» **REQUIREMENT**: Pictures should be excluded; otherwise, copy every entry exactly.

++++ ENTRIES SHOWN

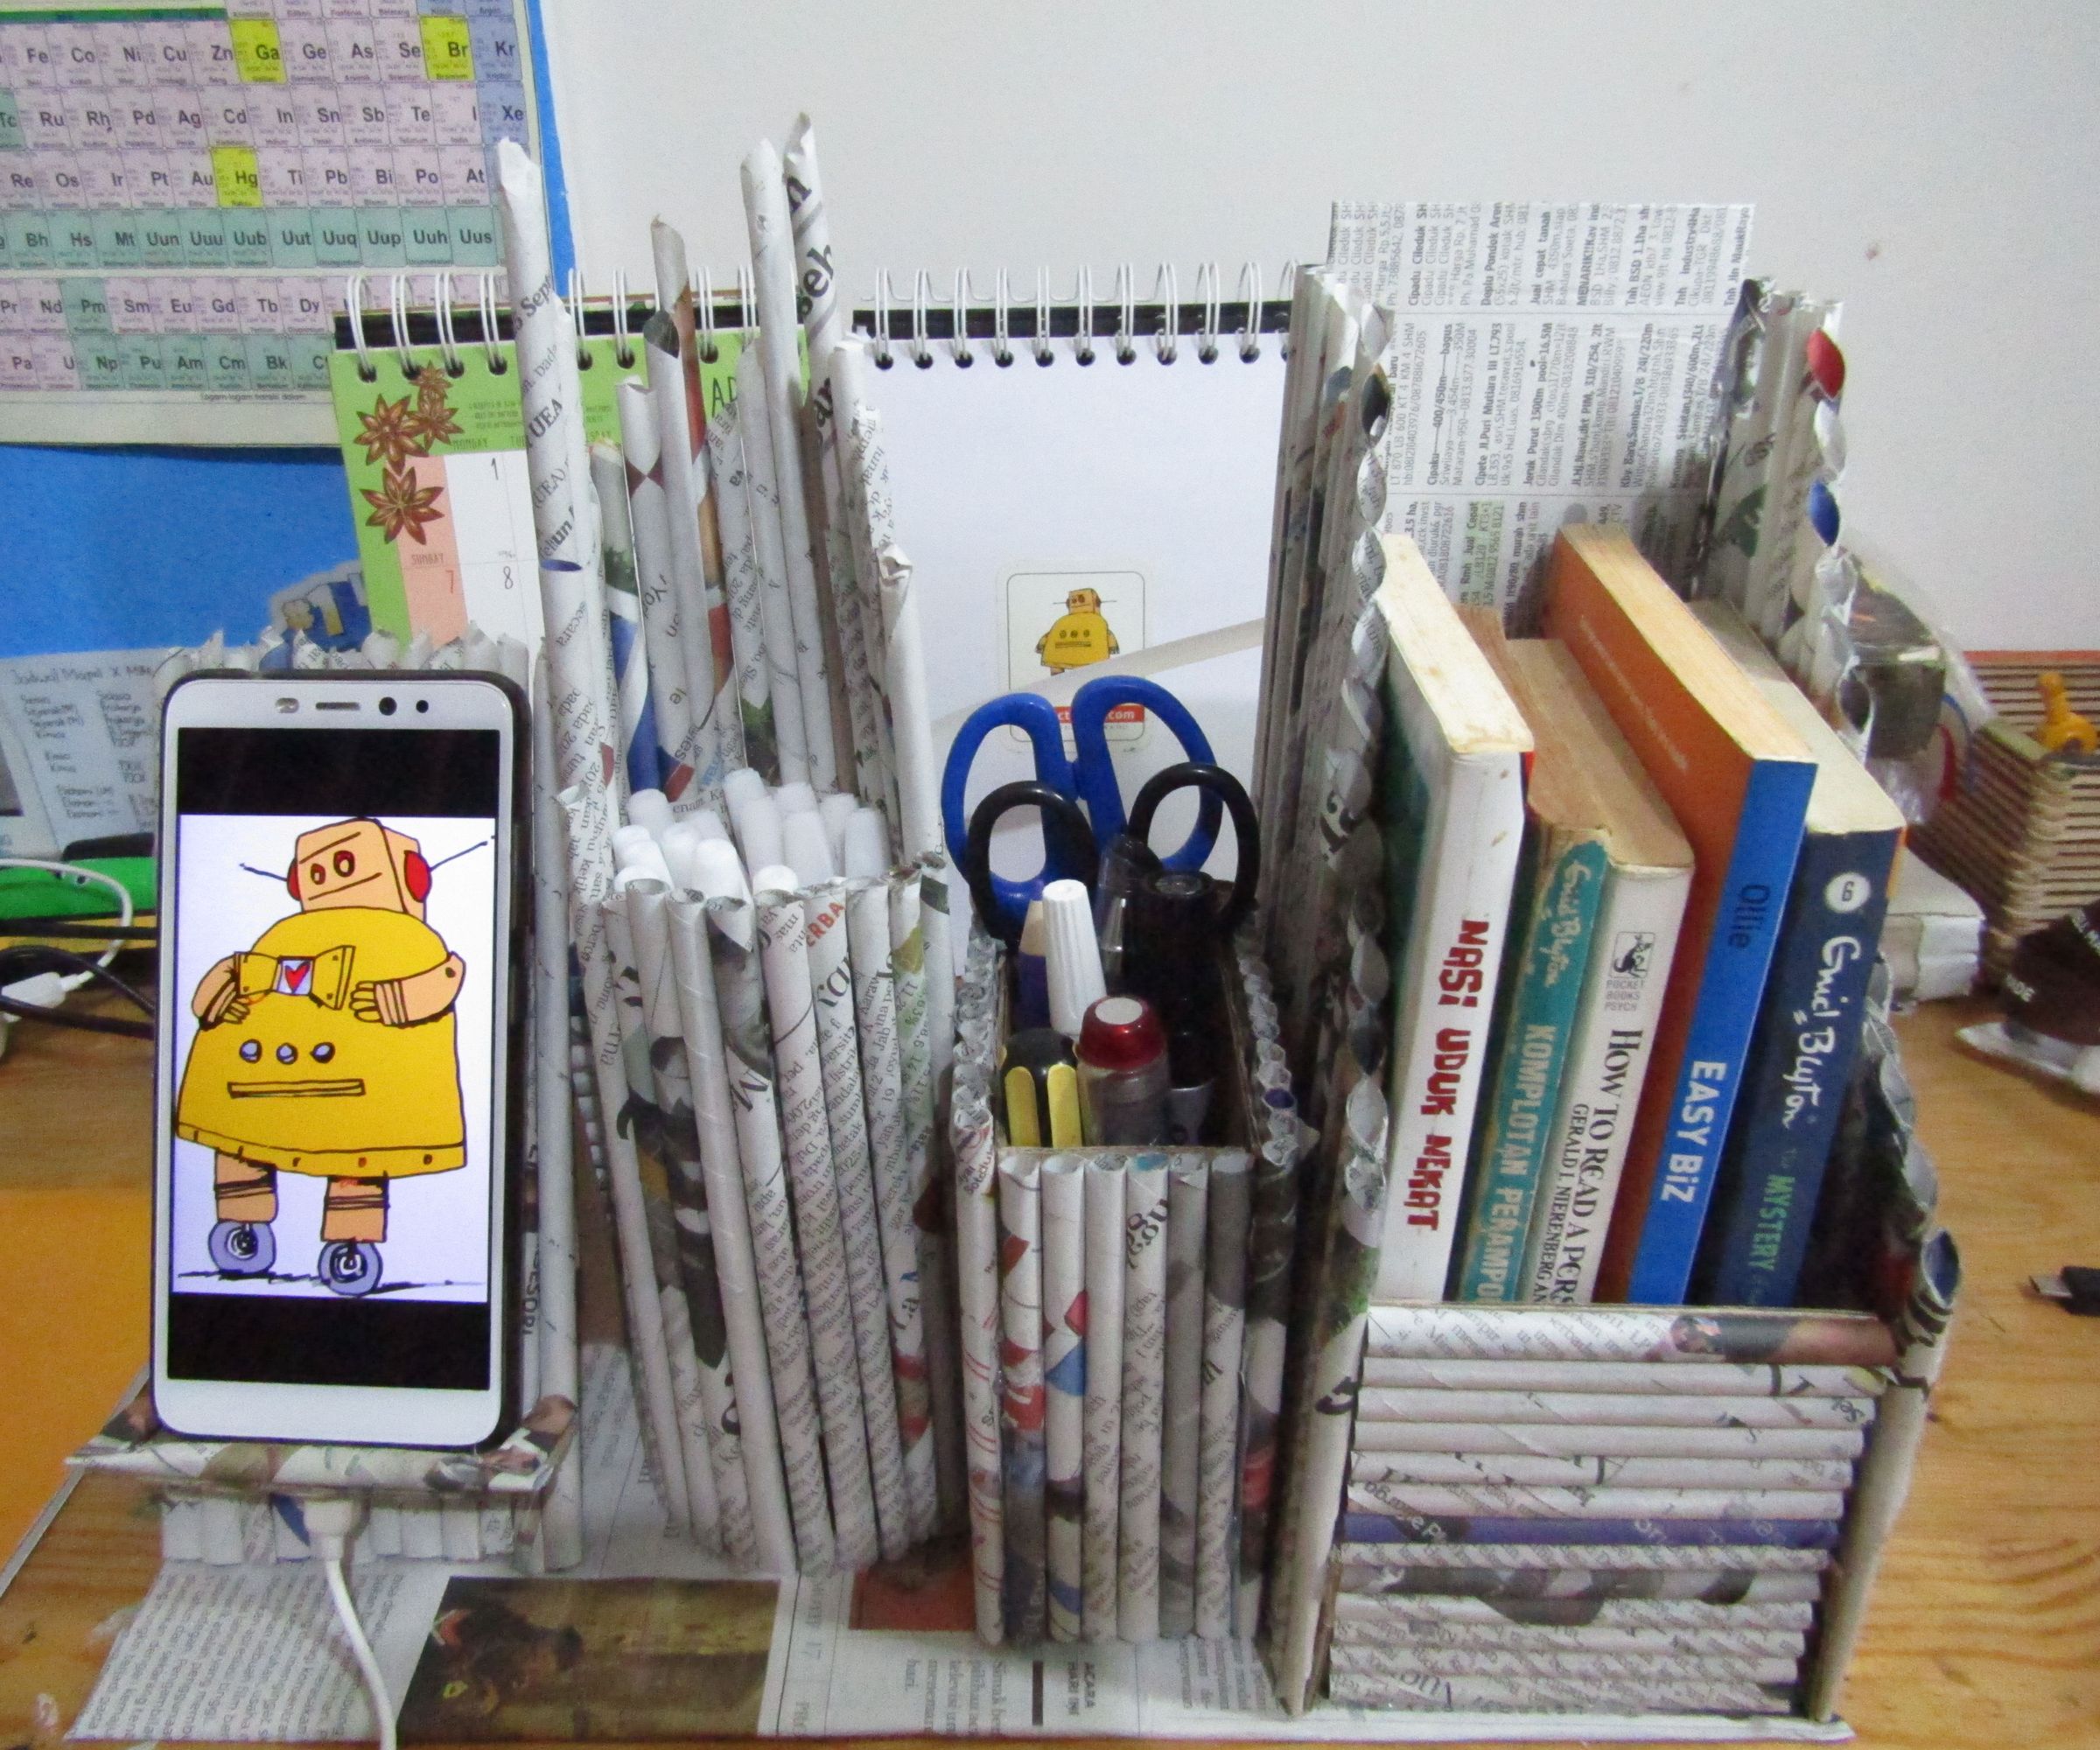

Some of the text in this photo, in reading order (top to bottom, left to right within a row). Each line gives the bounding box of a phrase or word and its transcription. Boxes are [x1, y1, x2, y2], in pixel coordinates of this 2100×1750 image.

[27, 41, 515, 63] Fe Co Ni Cu Zn Ga Ge As Se Br Kr
[40, 111, 64, 127] Ru
[87, 111, 110, 126] Rh
[133, 110, 155, 125] Pd
[178, 109, 200, 128] Ag
[224, 108, 247, 123] Cd
[277, 108, 293, 123] In
[318, 108, 340, 122] Sn
[363, 108, 384, 122] Sb
[411, 107, 430, 122] Te
[502, 106, 523, 121] Xe
[10, 169, 485, 189] Re Os Ir Pt Au Hg Pb Bi Po At
[283, 230, 312, 245] Uut
[323, 231, 356, 248] Uuq
[368, 230, 402, 248] Uup
[413, 229, 447, 245] Uuh
[460, 229, 492, 244] Uus
[1, 298, 319, 315] Pr Nd Pm Sm Eu Gd Tb Dy
[12, 356, 287, 372] Pa U Np Pu Am Cm Bk
[503, 565, 514, 590] 8
[1420, 1026, 1471, 1116] UDUK
[1602, 1029, 1643, 1098] HOW
[1498, 1025, 1557, 1176] KOMPLOTAN
[1676, 1060, 1727, 1146] EASY
[1562, 1102, 1590, 1169] GERALD
[1588, 1102, 1620, 1142] TO
[1564, 1222, 1590, 1240] A
[1748, 1174, 1796, 1270] MYSTERY
[1476, 1186, 1523, 1303] PERAMPO
[1551, 1245, 1587, 1303] PERS

++++++++

» **SOLUTION BELOW**:
Some of the text in this photo, in reading order (top to bottom, left to right within a row). Each line gives the bounding box of a phrase or word and its transcription. Boxes are [x1, y1, x2, y2], in pixel coordinates of this 2100×1750 image.

[27, 41, 515, 63] Fe Co Ni Cu Zn Ga Ge As Se Br Kr
[40, 111, 64, 127] Ru
[87, 111, 110, 126] Rh
[133, 110, 155, 125] Pd
[178, 109, 200, 128] Ag
[224, 108, 247, 123] Cd
[277, 108, 293, 123] In
[318, 108, 340, 122] Sn
[363, 108, 384, 122] Sb
[411, 107, 430, 122] Te
[502, 106, 523, 121] Xe
[10, 169, 485, 189] Re Os Ir Pt Au Hg Pb Bi Po At
[283, 230, 312, 245] Uut
[323, 231, 356, 248] Uuq
[368, 230, 402, 248] Uup
[413, 229, 447, 245] Uuh
[460, 229, 492, 244] Uus
[1, 298, 319, 315] Pr Nd Pm Sm Eu Gd Tb Dy
[12, 356, 287, 372] Pa U Np Pu Am Cm Bk
[503, 565, 514, 590] 8
[1420, 1026, 1471, 1116] UDUK
[1602, 1029, 1643, 1098] HOW
[1498, 1025, 1557, 1176] KOMPLOTAN
[1676, 1060, 1727, 1146] EASY
[1562, 1102, 1590, 1169] GERALD
[1588, 1102, 1620, 1142] TO
[1564, 1222, 1590, 1240] A
[1748, 1174, 1796, 1270] MYSTERY
[1476, 1186, 1523, 1303] PERAMPO
[1551, 1245, 1587, 1303] PERS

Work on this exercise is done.